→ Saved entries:
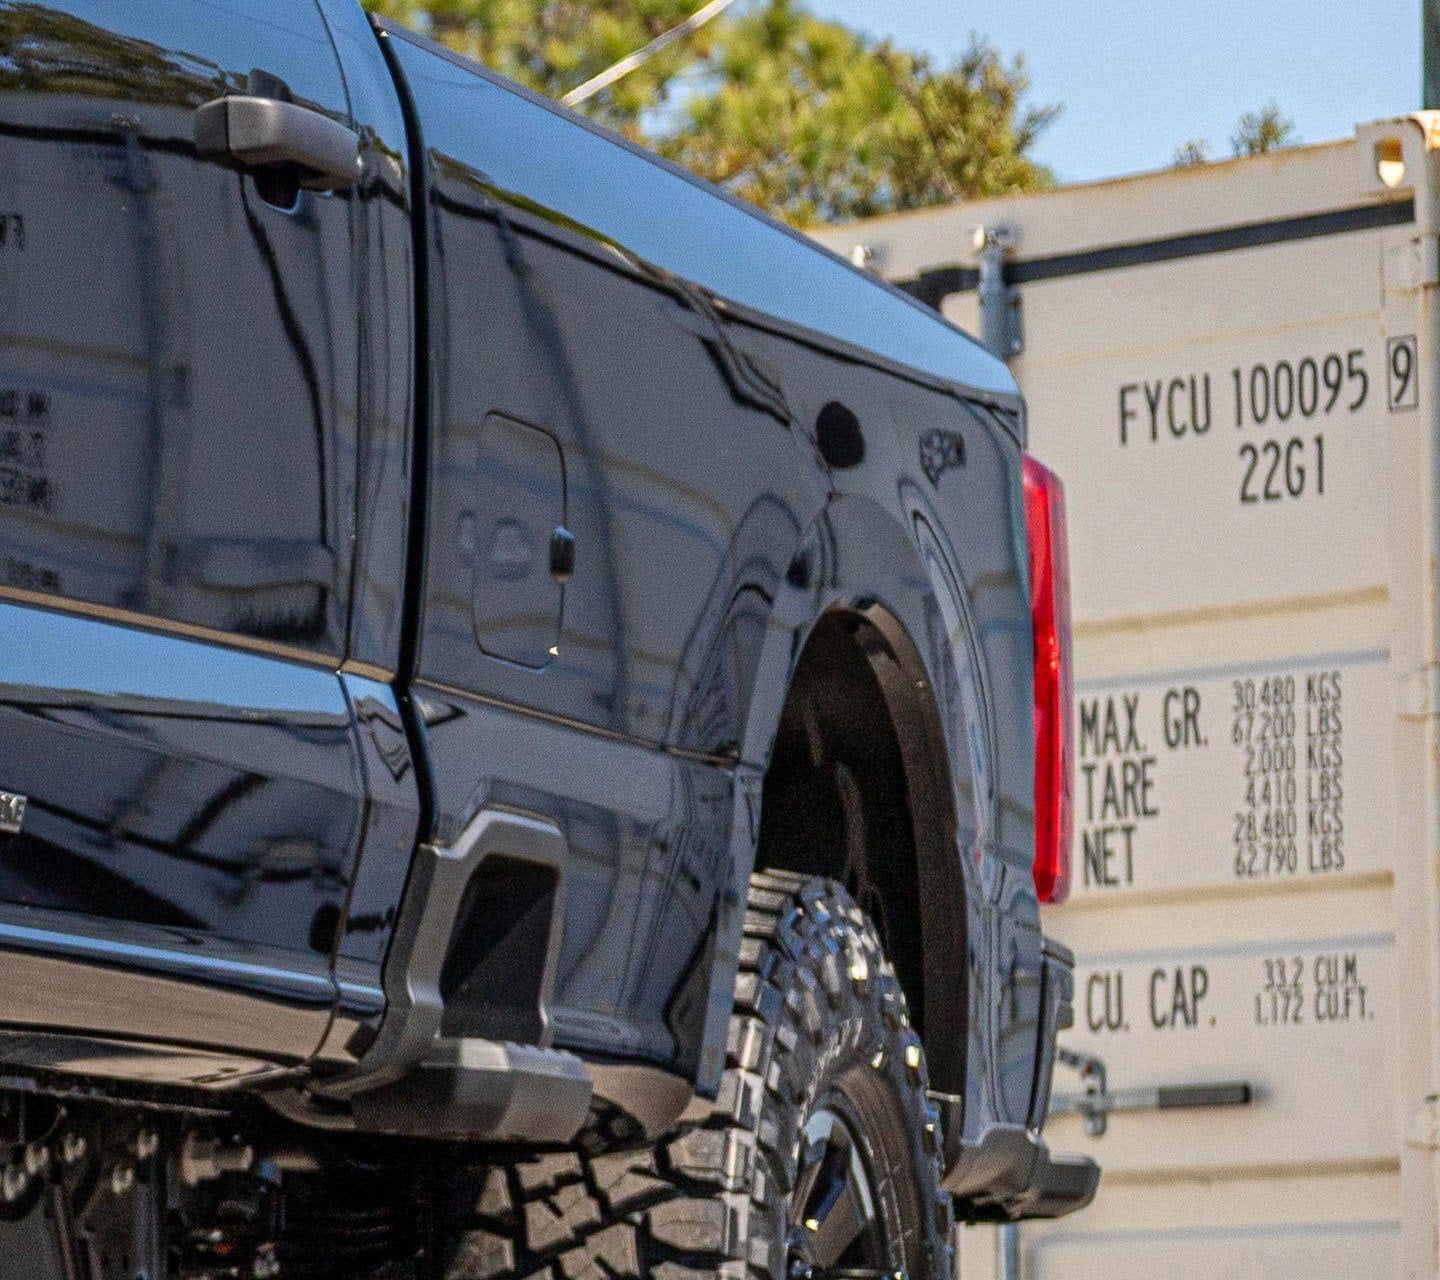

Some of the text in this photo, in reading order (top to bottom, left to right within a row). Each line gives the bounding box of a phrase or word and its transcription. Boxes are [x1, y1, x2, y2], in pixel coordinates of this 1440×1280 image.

[1119, 343, 1412, 445] FYCU 100095 9
[1239, 432, 1325, 504] 22G1
[1080, 692, 1147, 757] MAX.
[1163, 685, 1209, 750] GR.
[1306, 670, 1342, 703] KGS
[1307, 704, 1342, 737] LBS
[1082, 755, 1160, 821] TARE
[1307, 737, 1343, 770] KGS
[1308, 770, 1344, 803] LBS
[1083, 822, 1137, 888] NET
[1309, 803, 1345, 837] KGS
[1310, 837, 1346, 872] LBS
[1086, 971, 1130, 1033] CU.
[1149, 965, 1217, 1029] CAP.
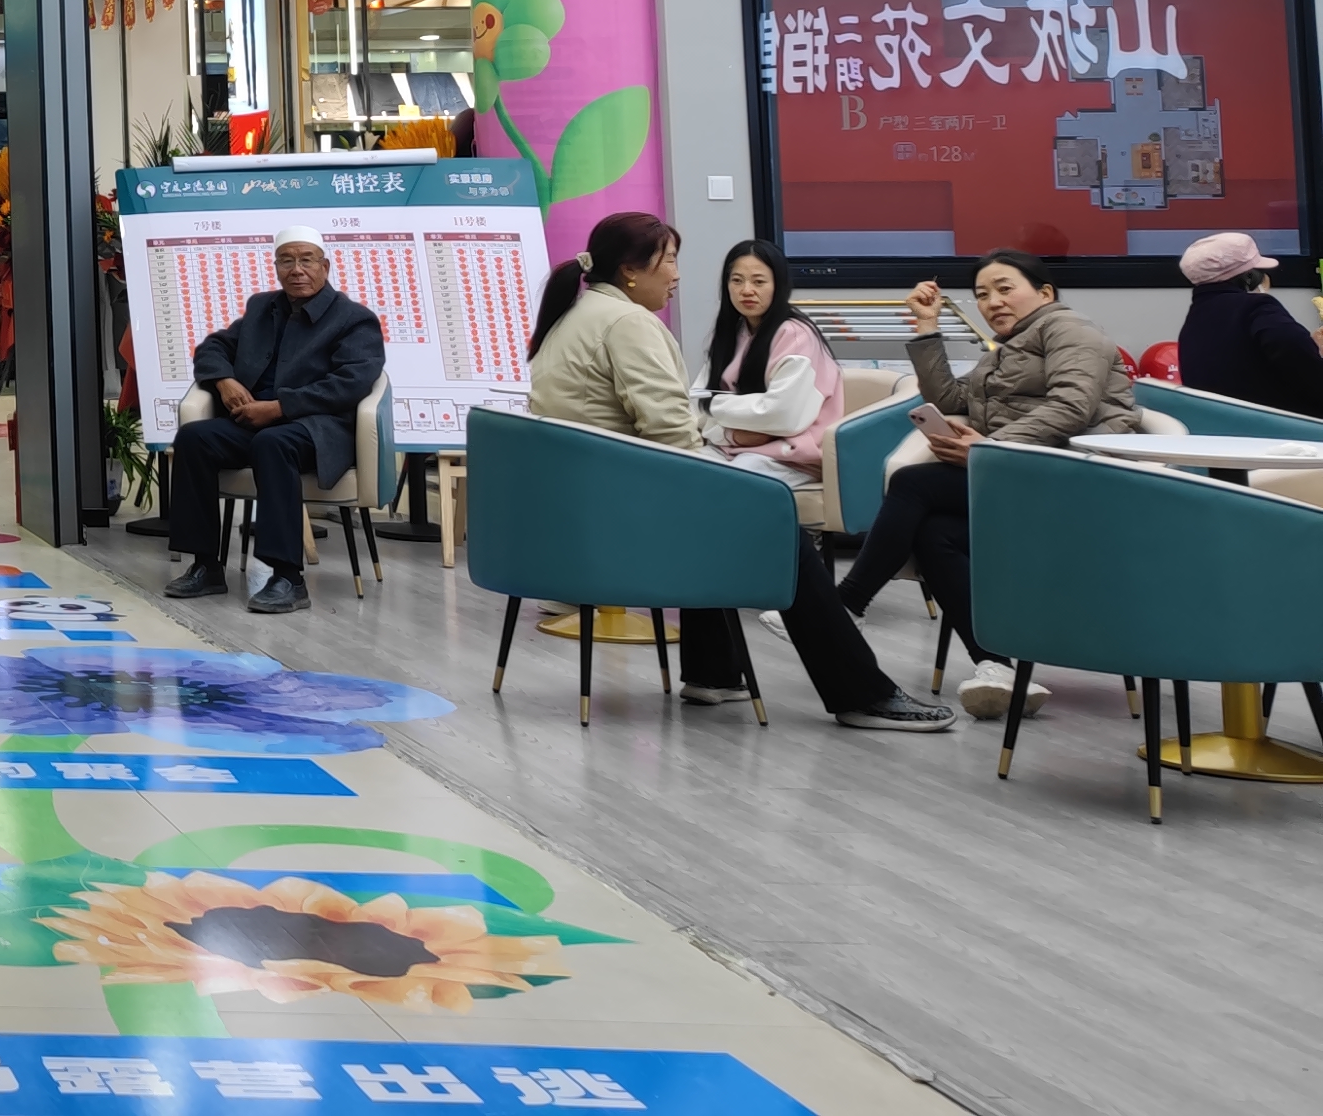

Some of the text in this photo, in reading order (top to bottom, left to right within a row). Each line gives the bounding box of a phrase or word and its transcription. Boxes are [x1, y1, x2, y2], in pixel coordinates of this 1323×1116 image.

[841, 95, 868, 131] B
[878, 113, 1008, 132] 户型 三室两厅一卫
[331, 171, 406, 195] 销控表
[194, 216, 487, 231] 7号楼 9号楼 11号楼
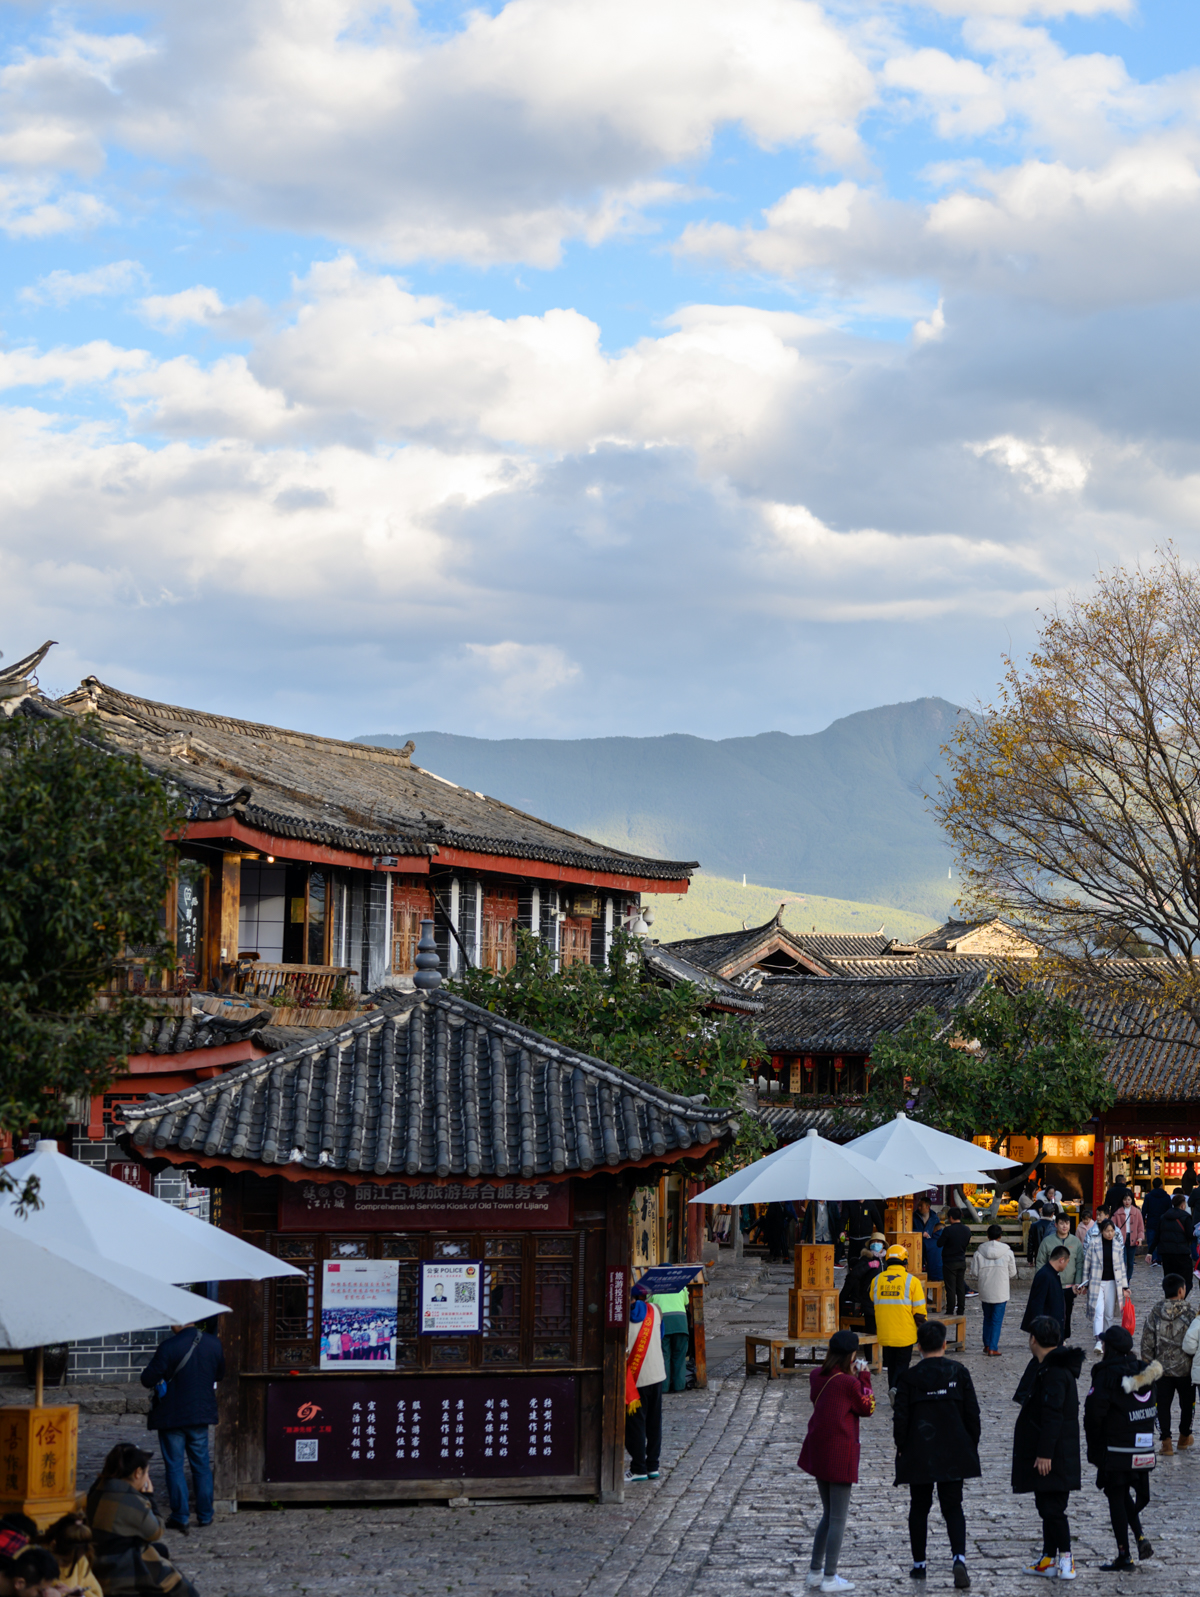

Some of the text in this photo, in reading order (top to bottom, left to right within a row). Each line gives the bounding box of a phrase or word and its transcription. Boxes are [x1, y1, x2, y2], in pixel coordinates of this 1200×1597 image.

[355, 1184, 550, 1200] 丽江古城旅游综合服务亭
[354, 1202, 549, 1211] Comprehensive Service Kiosk of Old Town of Lijiang
[36, 1420, 62, 1488] 俭养德
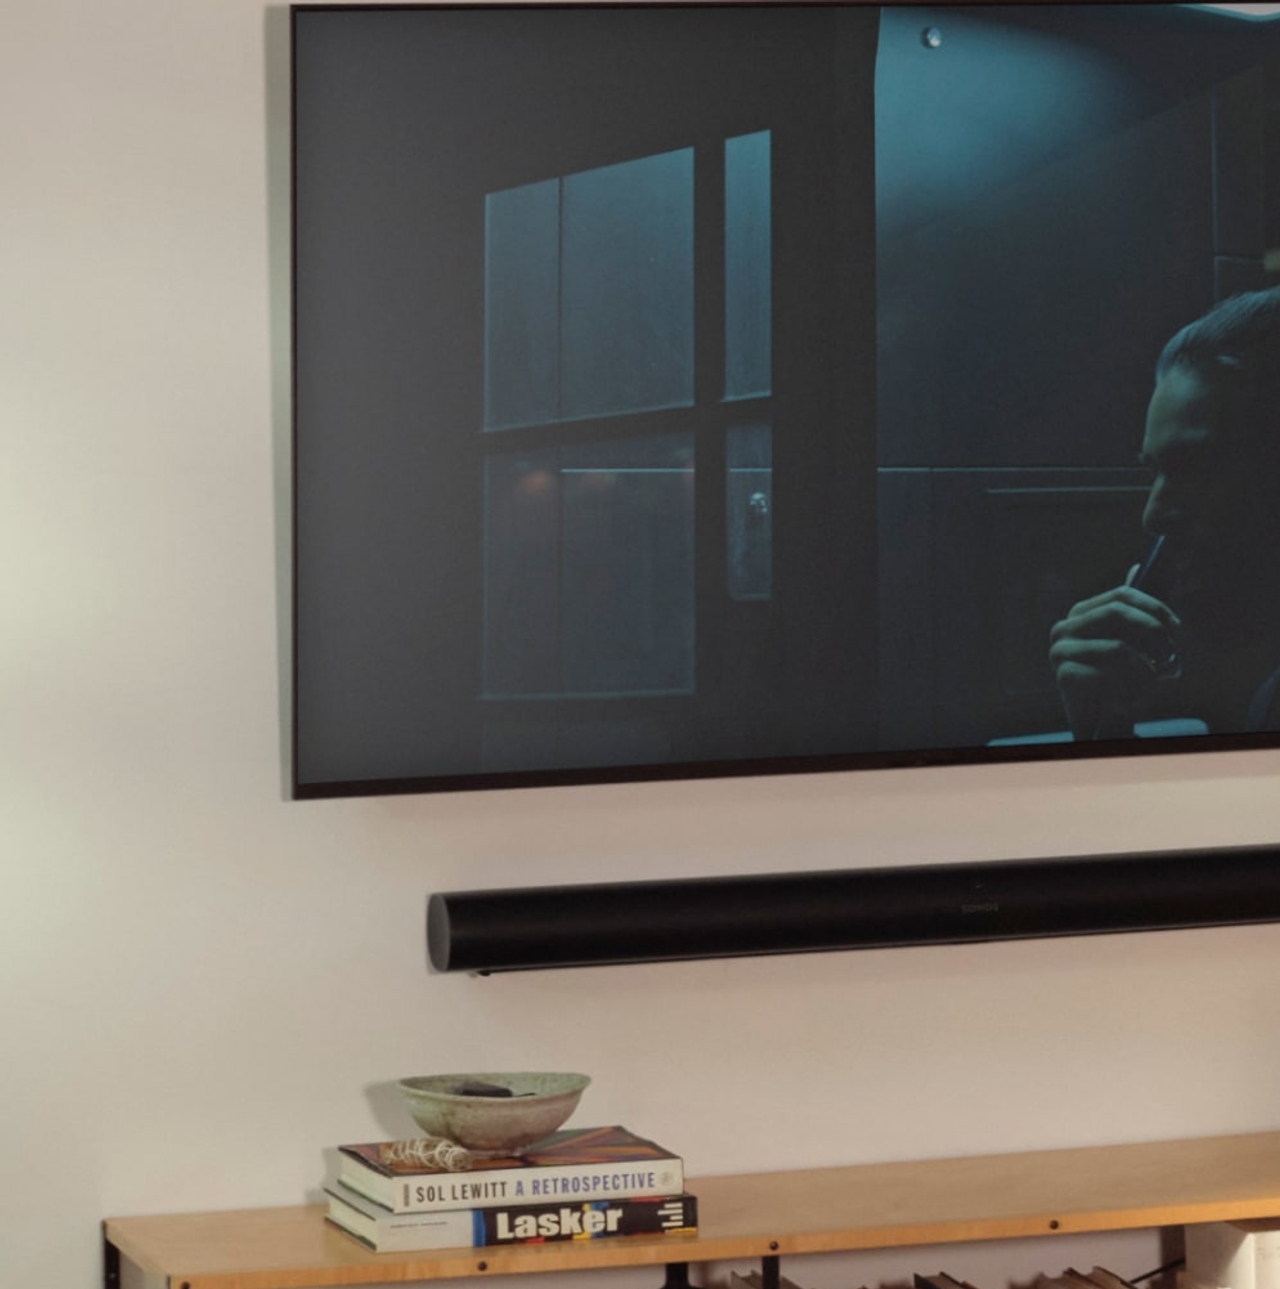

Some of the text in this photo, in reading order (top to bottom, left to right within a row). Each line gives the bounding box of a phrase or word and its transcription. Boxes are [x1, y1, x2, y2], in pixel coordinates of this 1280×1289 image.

[416, 1172, 655, 1203] SOL LEWITT A RETROSPECTIVE
[496, 1208, 623, 1239] Lasker

→ WHAT TO WORK ON: Only the lines from the line with "this 1200×1597 image." to the end of the records should be repeated, exactly and without pictures.

→ SOLUTION FOR THIS EXERCISE:
Some of the text in this photo, in reading order (top to bottom, left to right within a row). Each line gives the bounding box of a phrase or word and its transcription. Boxes are [x1, y1, x2, y2], in pixel coordinates of this 1200×1597 image.

[355, 1184, 550, 1200] 丽江古城旅游综合服务亭
[354, 1202, 549, 1211] Comprehensive Service Kiosk of Old Town of Lijiang
[36, 1420, 62, 1488] 俭养德

Some of the text in this photo, in reading order (top to bottom, left to right within a row). Each line gives the bounding box of a phrase or word and its transcription. Boxes are [x1, y1, x2, y2], in pixel coordinates of this 1280×1289 image.

[416, 1172, 655, 1203] SOL LEWITT A RETROSPECTIVE
[496, 1208, 623, 1239] Lasker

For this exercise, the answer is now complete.